Date

Abstract

This thorn implement processor-local reduction operations.

### 1 Introduction

A reduction operation can be deﬁned as an operation on arrays (tuples) of variables resulting in a single number. Typical reduction operations are sum, minimum/maximum value, and boolean operations. A typical application is, for example, ﬁnding the minimum value in an $n$-dimensional array.

This thorn provides processor-local reduction operations only. Global reduction operations can make use of these local reduction operations by providing the necessary inter-processor communication.
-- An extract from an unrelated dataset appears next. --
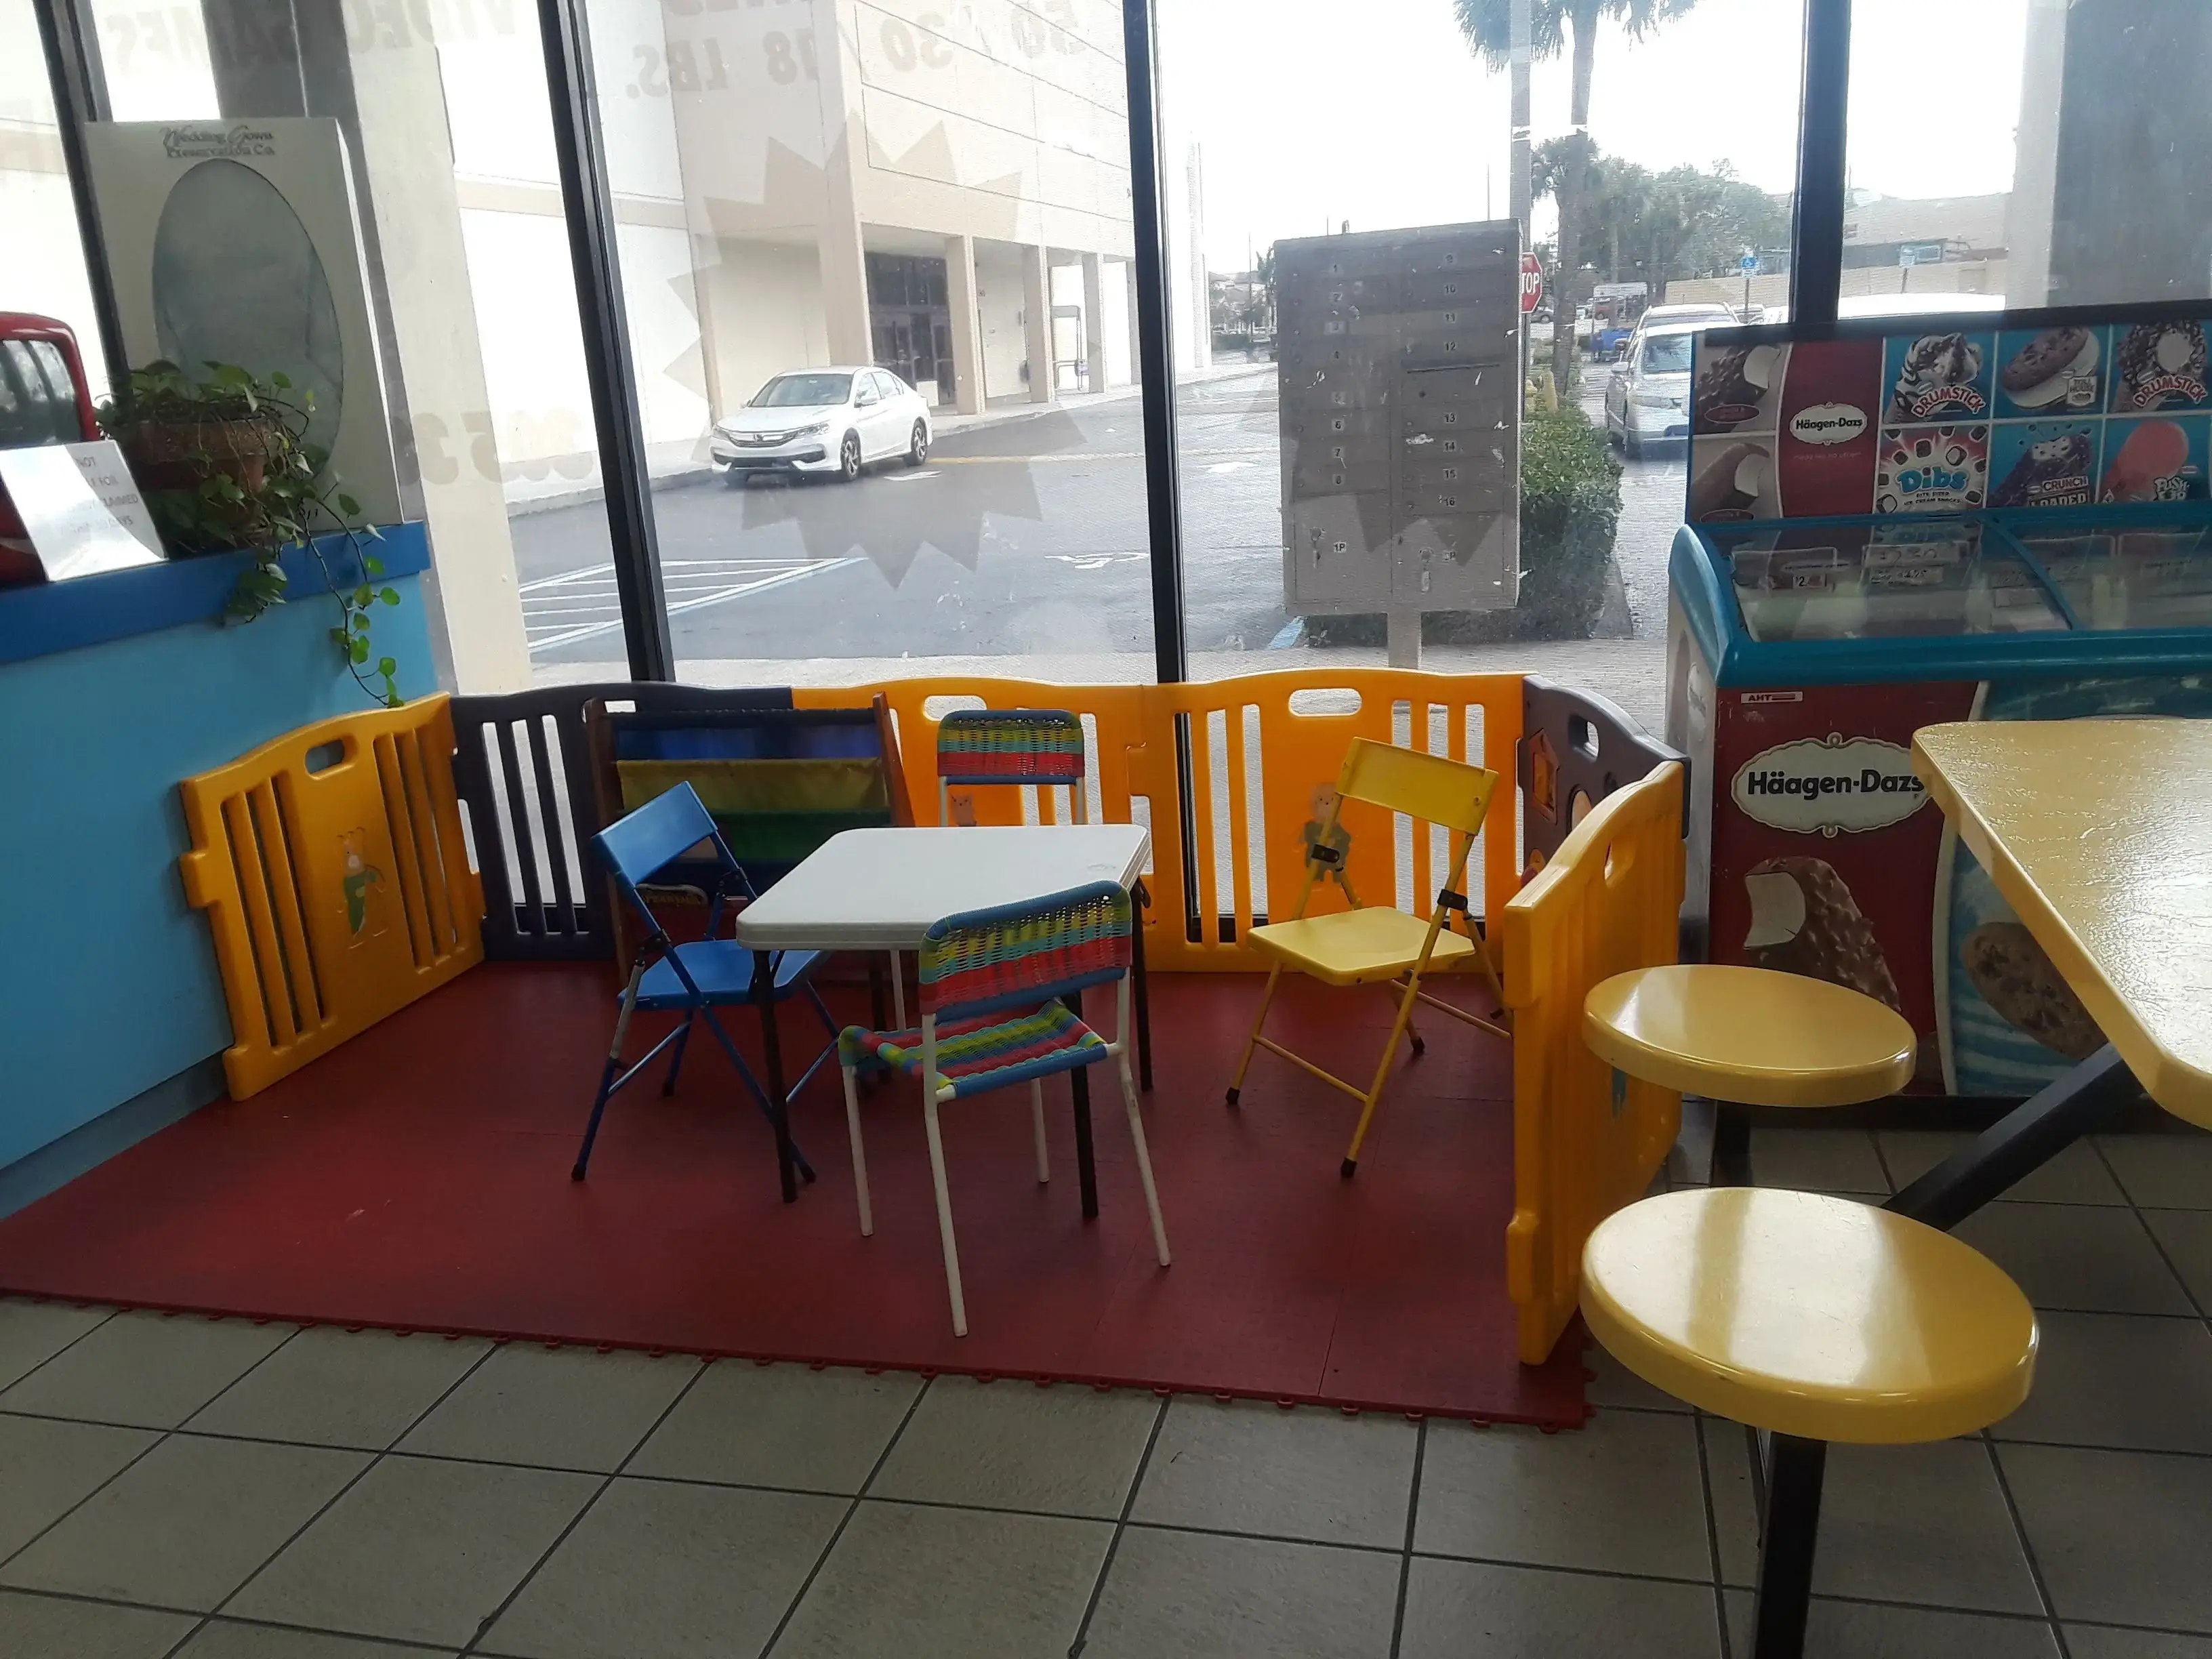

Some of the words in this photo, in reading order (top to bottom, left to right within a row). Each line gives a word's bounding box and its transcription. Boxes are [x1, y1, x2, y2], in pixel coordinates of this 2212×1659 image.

### 2 Numerical Implementation

The new local reduce thorn has several new features including index strides and oﬀsets for array indexing and full complex number support. Pending request, weight support can be enabled (there are some issues that a mask is essentially a weight with 1 or 0 value).

Modifying or extending this thorn is quite a simple matter. The heart of all the reduction operations is the large iterator macro in local_reductions.h. This iterator supports n-dimensional arrays with oﬀsets and strides. The iterator is used in all local reduction operators in this thorn. To add a reduction operator, or change an existing one, all that needs to be done is to change the actual reduction operation deﬁnition which is called from within the iterator to perform the reduction.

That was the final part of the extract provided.